◆ Assignment:
Every line of the listing below should come back exactly as written, with no images.
********************
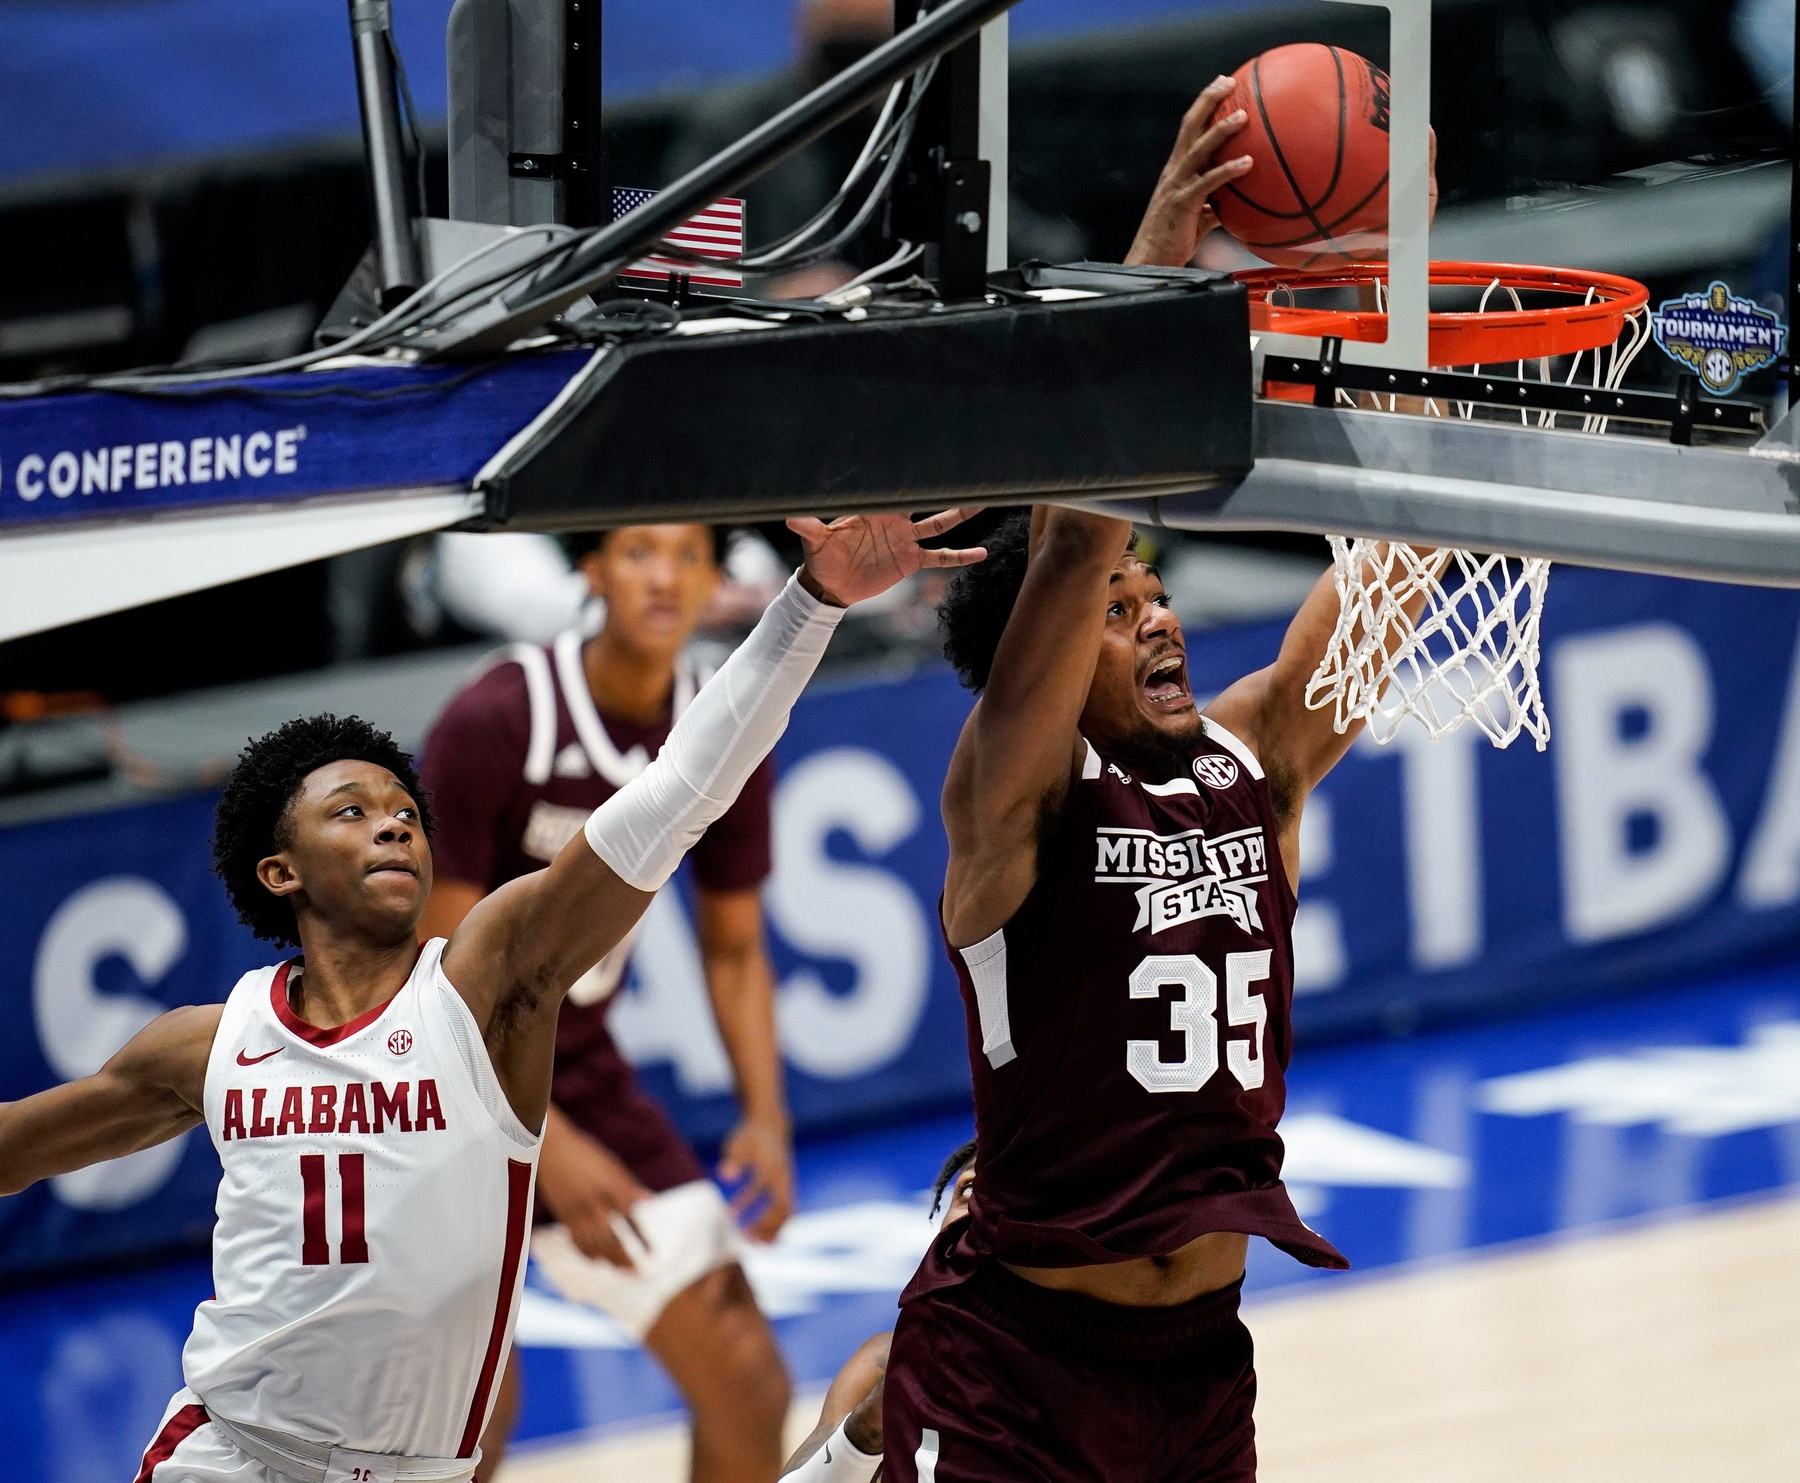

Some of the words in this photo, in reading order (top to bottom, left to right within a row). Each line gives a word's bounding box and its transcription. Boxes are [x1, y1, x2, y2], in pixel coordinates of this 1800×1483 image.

[1653, 317, 1784, 353] TOURNAMENT
[1705, 353, 1731, 384] SEC
[1196, 757, 1235, 787] SEC
[1126, 949, 1273, 1093] 35
[389, 1030, 412, 1054] SEC
[223, 1079, 447, 1141] ALABAMA
[300, 1153, 370, 1266] 11
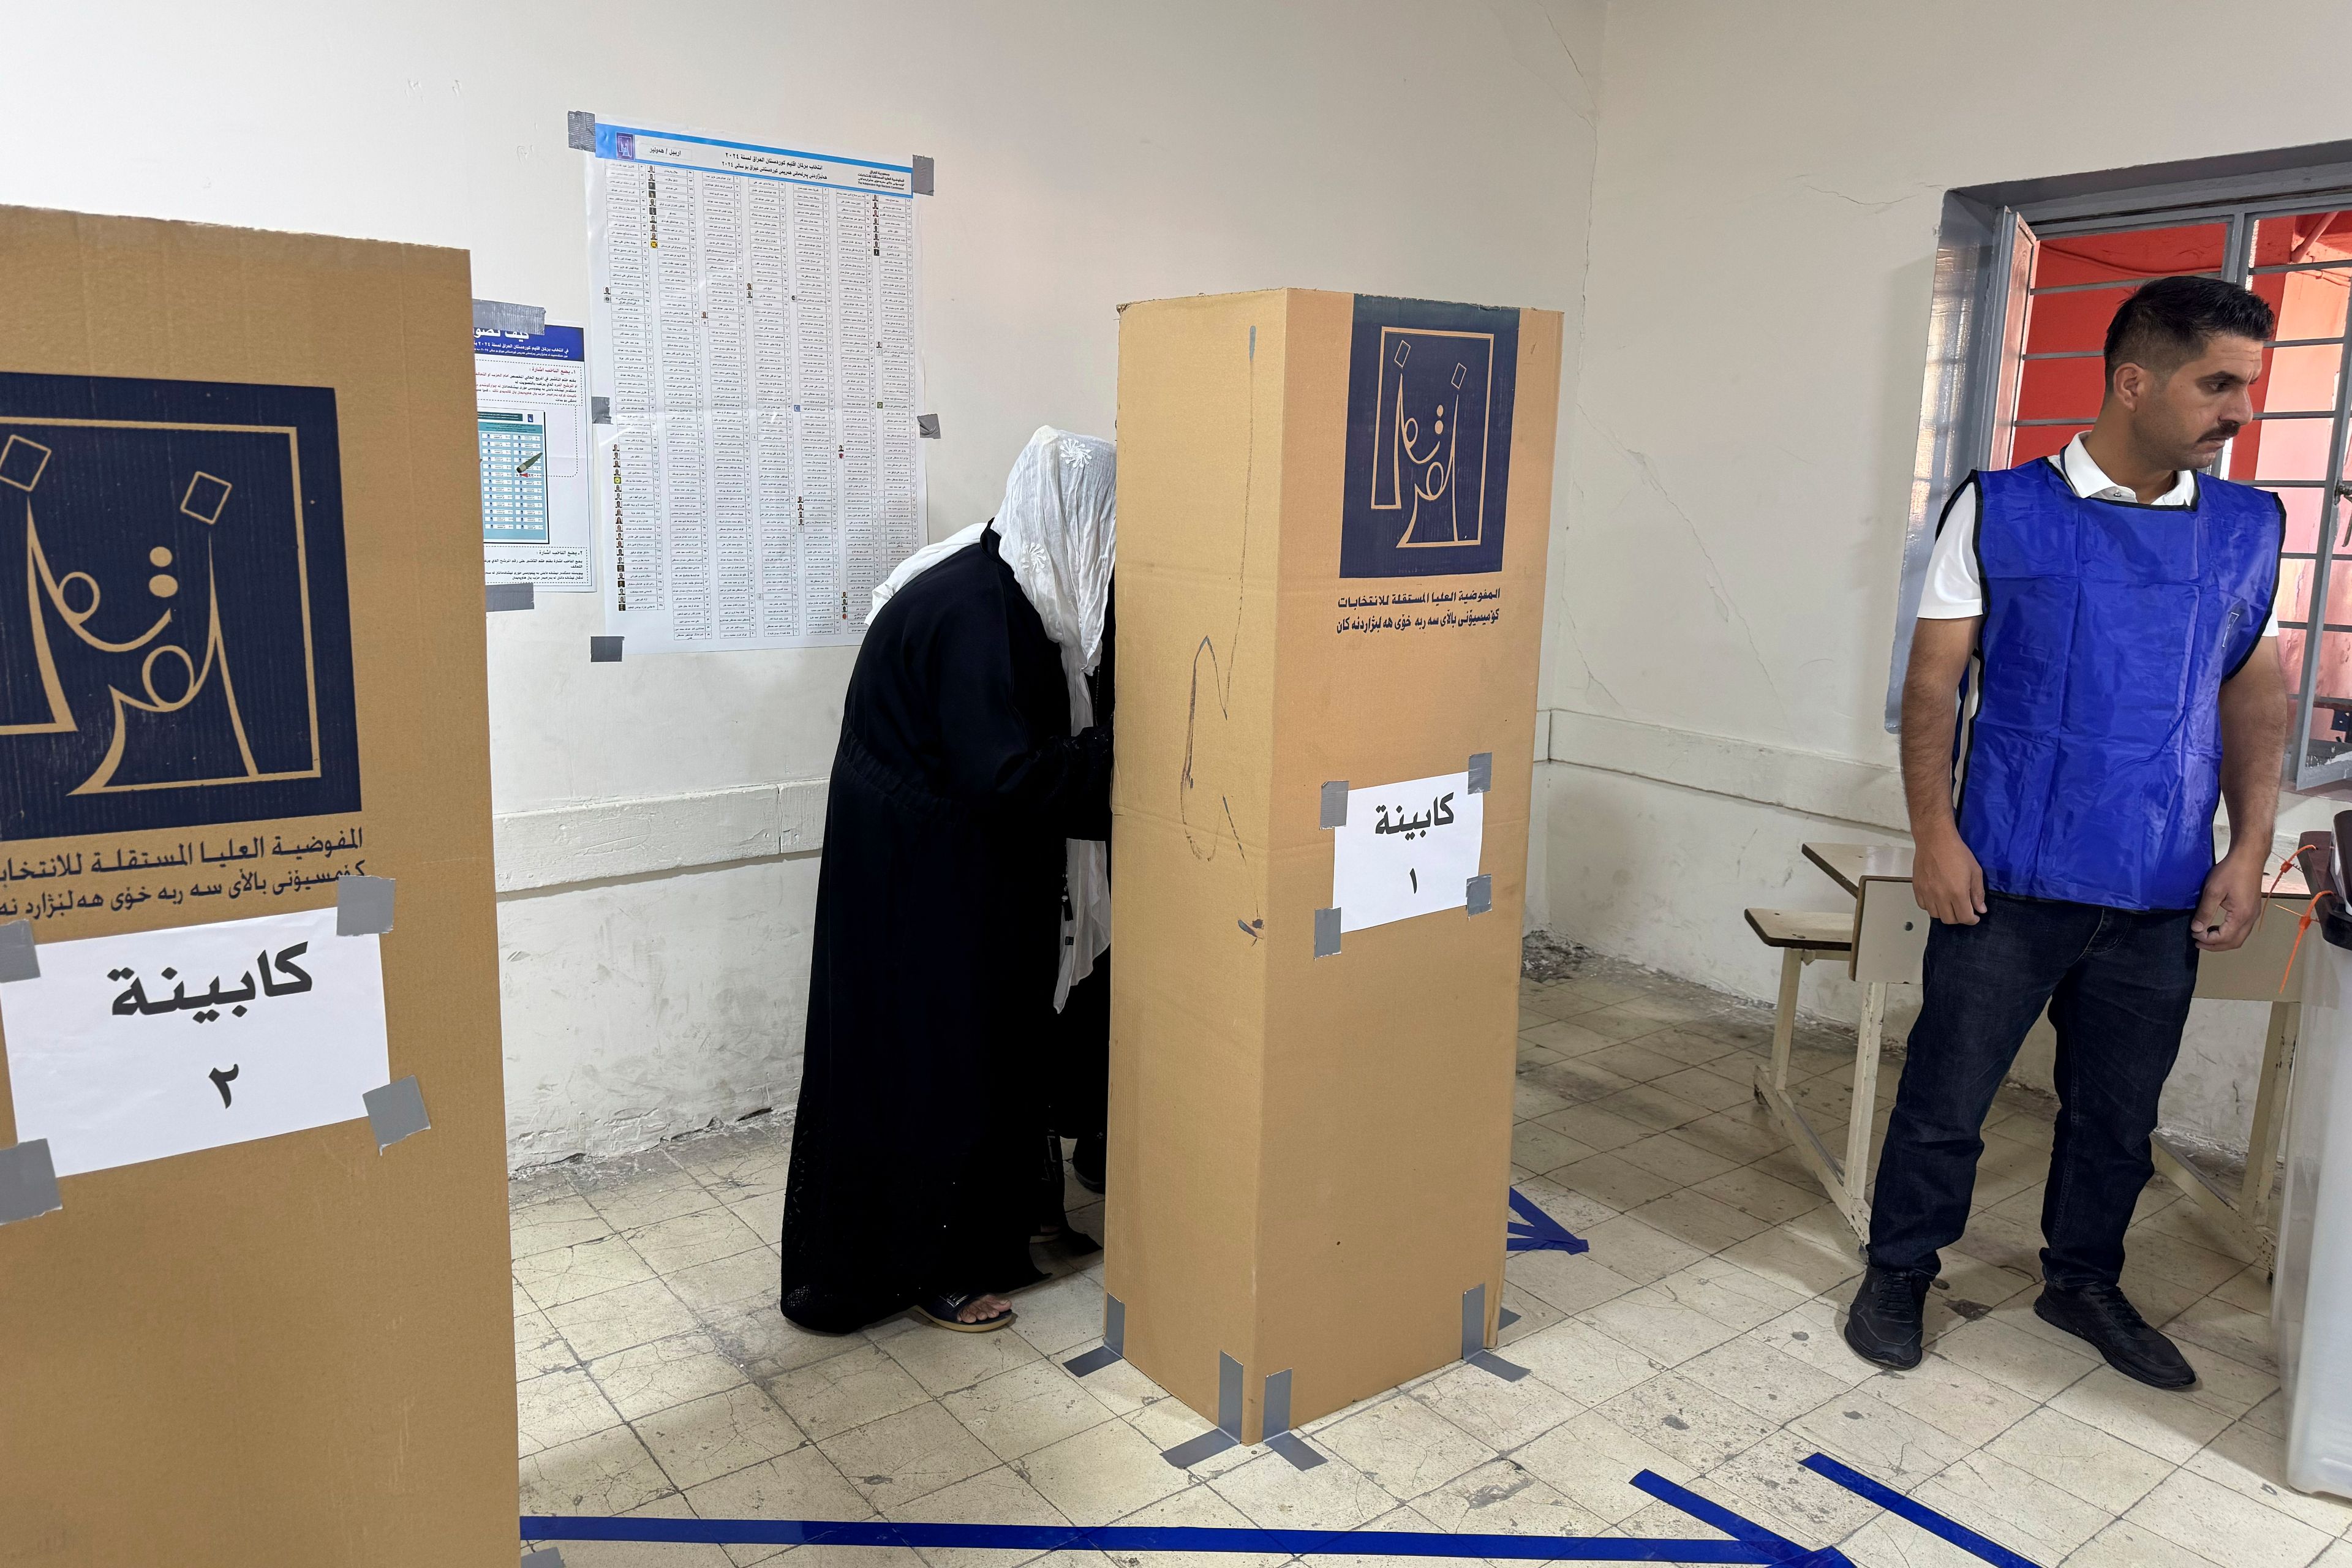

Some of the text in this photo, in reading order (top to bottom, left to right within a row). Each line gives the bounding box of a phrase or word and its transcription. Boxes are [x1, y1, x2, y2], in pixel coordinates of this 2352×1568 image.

[1338, 587, 1500, 610] المفوضية العليا المستقلة للانتخابات
[1375, 791, 1454, 841] كابينة
[0, 827, 363, 889] المفوضية العليا المستقلة للانتخاب
[1409, 867, 1417, 894] ١
[107, 940, 313, 1024] كابينة
[208, 1063, 239, 1109] ٢
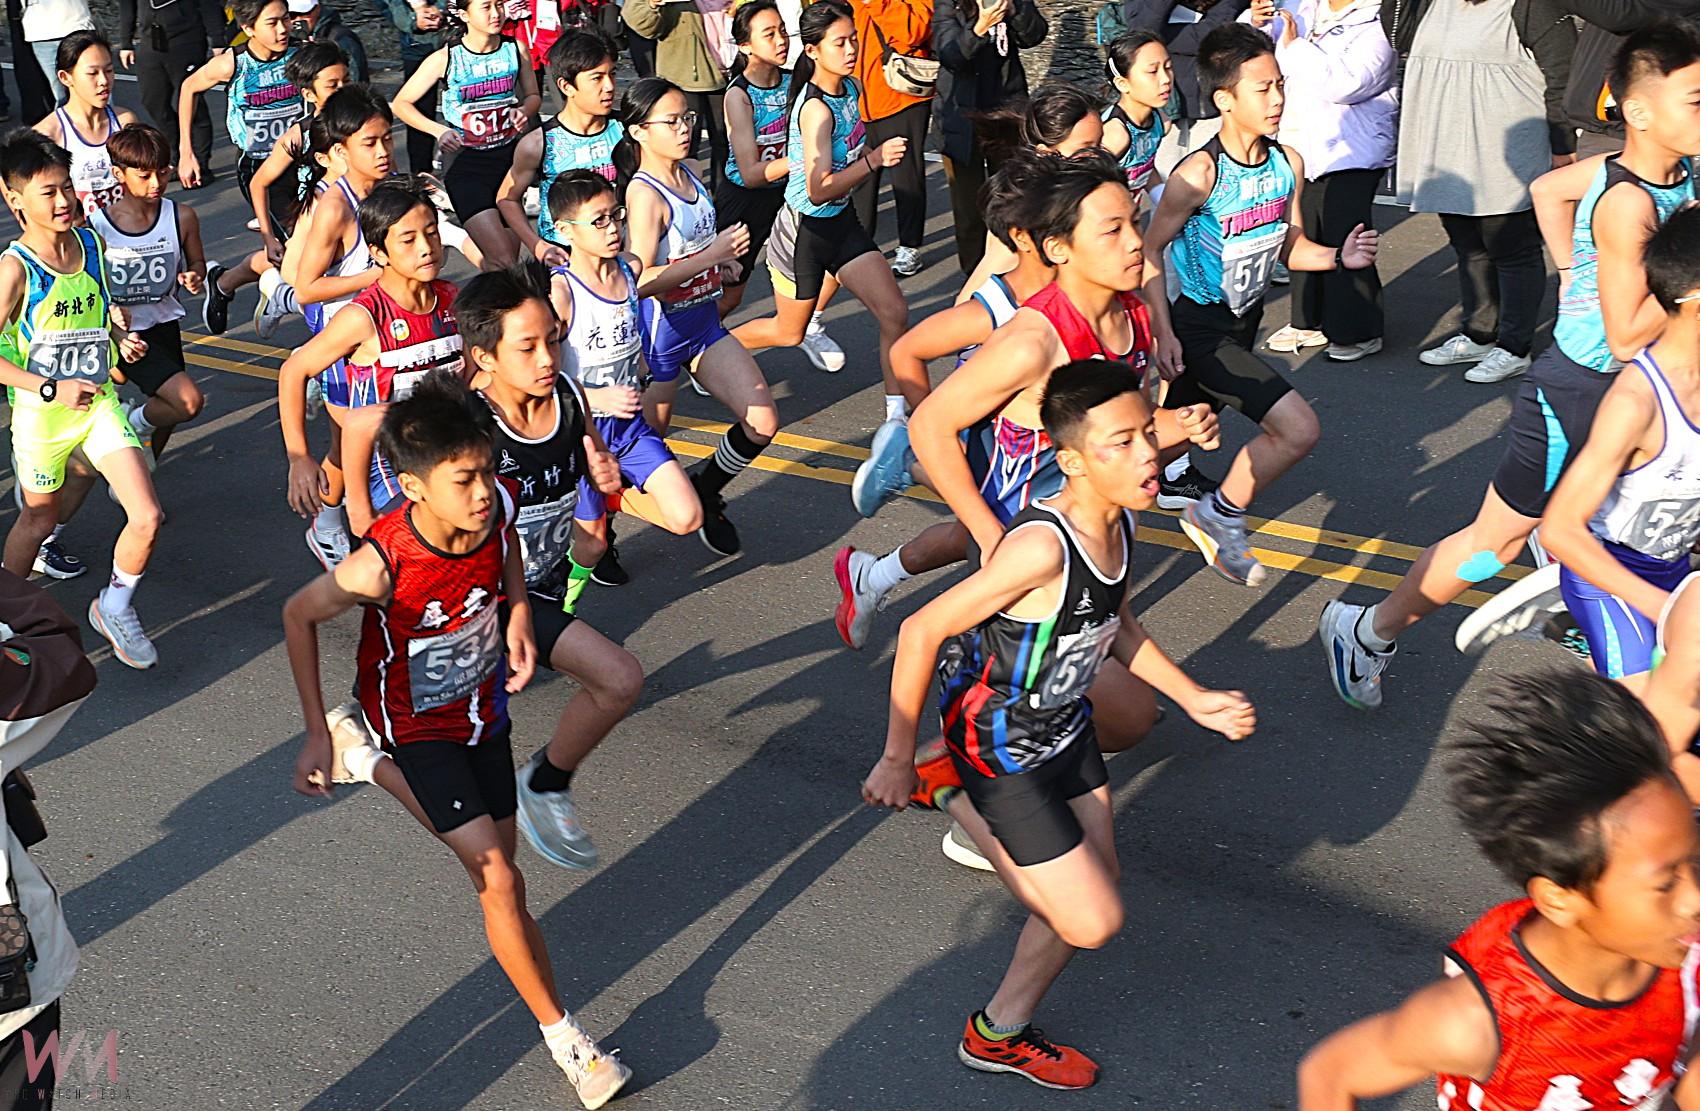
********************
◆ Reply:
Some of the words in this photo, in reading order (top to bottom, left to right within a row). Each line gives a word's bounding box and its transcription. Boxes are [x1, y1, x2, y2], in pixel coordinates of this 1800×1483 image.

[1653, 317, 1784, 353] TOURNAMENT
[1705, 353, 1731, 384] SEC
[1196, 757, 1235, 787] SEC
[1126, 949, 1273, 1093] 35
[389, 1030, 412, 1054] SEC
[223, 1079, 447, 1141] ALABAMA
[300, 1153, 370, 1266] 11

Some of the text in this photo, in reading order (top to bottom, left to right within a row). Each line gives the bounding box of a phrase or word and its transcription. Boxes are [x1, y1, x2, y2], in pixel coordinates of this 2352×1568 image.

[1338, 587, 1500, 610] المفوضية العليا المستقلة للانتخابات
[1375, 791, 1454, 841] كابينة
[0, 827, 363, 889] المفوضية العليا المستقلة للانتخاب
[1409, 867, 1417, 894] ١
[107, 940, 313, 1024] كابينة
[208, 1063, 239, 1109] ٢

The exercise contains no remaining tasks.